I re-enrolled in college in 2004 and soaps continued to provide a five-day-a-week escape. I found myself reading online ABC soap commentary and spoilers on such fan sites as Wubs.net and Eye On Soaps. I was addicted. I needed each and every scrap of information I could get on all three ABC soaps. I was obsessed with finding out what would happen next.
It was that obsession–combined with growing frustration–that led to me writing a weekly AMC column for a soap site, now long defunct. For almost two years that column was my All My Children therapy. Despite all the bad storylines I mentioned earlier, I managed to find good stories to rave about occasionally. Jackson and Erica’s wedding, Phoebe’s funeral, anything Greenlee related, the Fusion girls making the first lipstick, the fantastic Leven Rambin as Lily Montgomery and JR (Jacob Young) vs. Jamie (Justin Bruening), all come to mind.

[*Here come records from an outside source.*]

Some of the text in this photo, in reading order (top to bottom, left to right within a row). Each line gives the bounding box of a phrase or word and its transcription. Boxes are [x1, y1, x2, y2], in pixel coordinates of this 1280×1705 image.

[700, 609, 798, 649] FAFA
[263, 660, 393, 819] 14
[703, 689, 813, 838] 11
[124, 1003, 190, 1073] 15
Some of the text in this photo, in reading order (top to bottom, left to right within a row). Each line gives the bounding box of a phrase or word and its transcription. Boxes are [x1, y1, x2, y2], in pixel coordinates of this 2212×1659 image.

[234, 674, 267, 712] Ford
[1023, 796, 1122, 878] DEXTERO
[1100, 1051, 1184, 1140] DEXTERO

Probably the best thing to come out of that column, other than my continued soap sanity, was that it is also where I met Jamey Giddens and several of the other early Daytime Confidential contributors. While my column ended in 2006, the biggest moment that year was my finally graduating from college.
It was time to face a fork in the road about my future. Should I pursue the safest path and find a “normal” job, like my college friends who’d graduated years before me? Or, should I use the flexibility of the job that put me through college, my hard earned degree and my computer knowledge to work on building a website covering the show and industry that had come to mean so much to me? I chose the latter.

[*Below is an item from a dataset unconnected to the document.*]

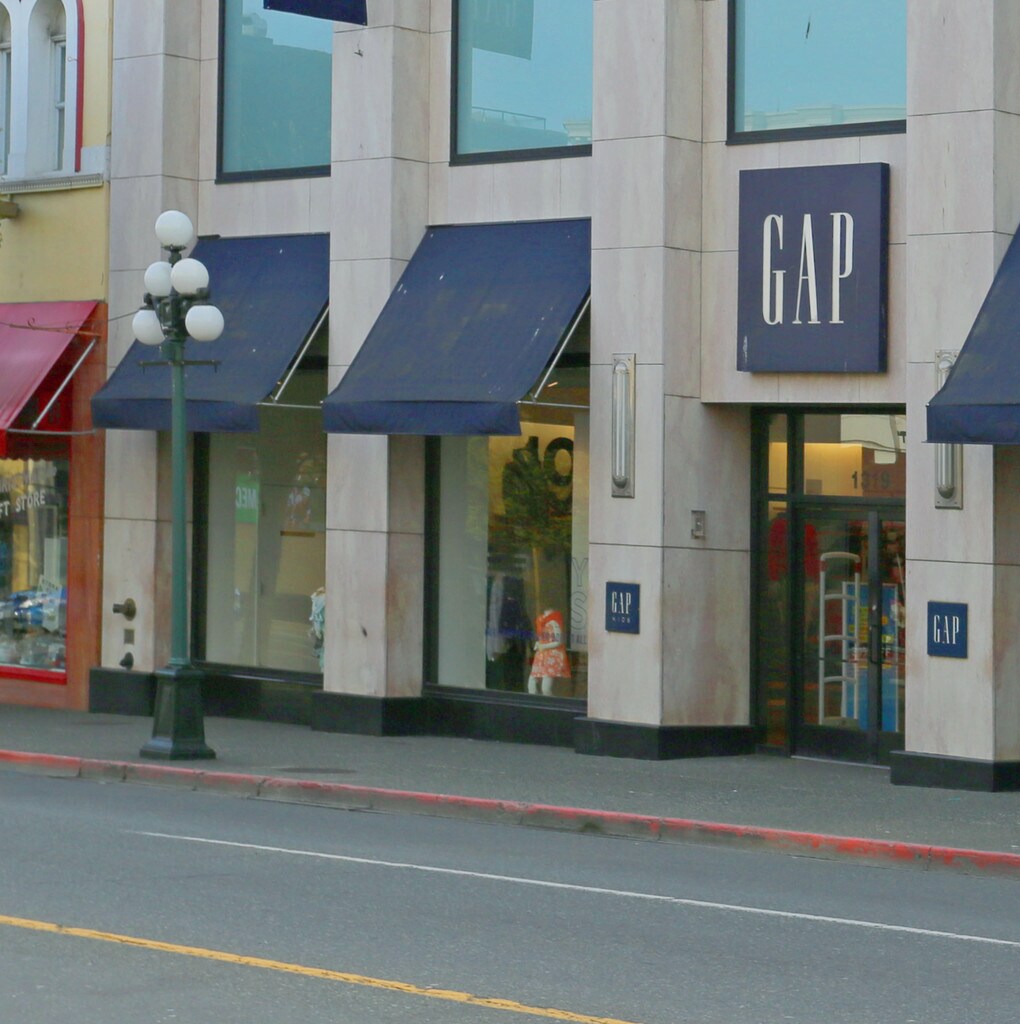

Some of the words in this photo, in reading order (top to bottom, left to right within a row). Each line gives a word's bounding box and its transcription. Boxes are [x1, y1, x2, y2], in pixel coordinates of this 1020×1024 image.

[761, 211, 855, 325] GAP
[15, 488, 46, 513] STORE
[611, 591, 632, 614] GAP
[933, 614, 959, 645] GAP

Five years ago this coming November, the website that would become Daytime Confidential and the Daytime Confidential podcast were born. A lot of hard work and quite a few “teachable moments” have gone into Daytime Confidential and its sister site Pop Confidential since then. I also had to do more than a little arm twisting to convince Jamey Giddens–now my business partner–to even appear as a guest on the podcast almost four years ago (Editor's Note: He sure did!).
All My Children's final week on network television, more than any other soap milestone we've covered here at Daytime Confidential, really brings it all full circle for me. Had it not been for my love initial love for Agnes Nixon's amazing soap opera, this fansite-turned-wildly successful blog and its companion podcast likely never would have existed.
Speaking of Nixon, she and Lorraine Broderick should be commended. They gave Pine Valley a well-deserved send off and helped to correct many wrongs. Seeing so many of the characters and stories that hooked me back in '98 return—Adam and Brooke, visions of Leo and Gillian and yes, even Babe, whom I loved to hate—really caused me to take a moment to reflect on how this show had changed my life for the better, and ultimately set me on a career path.
Although we've been some of All My Children’s toughest critics, and have been accused of having an anti-All My Children agenda, I know with absolute certainty, no site has ever been more ready to cheer All My Children’s triumphs than Daytime Confidential. It broke our hearts to see people like Megan McTavish and Chuck Pratt lead it astray, but the very origin of Daytime Confidential is tied to this show's rich legacy, which I guess makes us one of Agnes' children as well.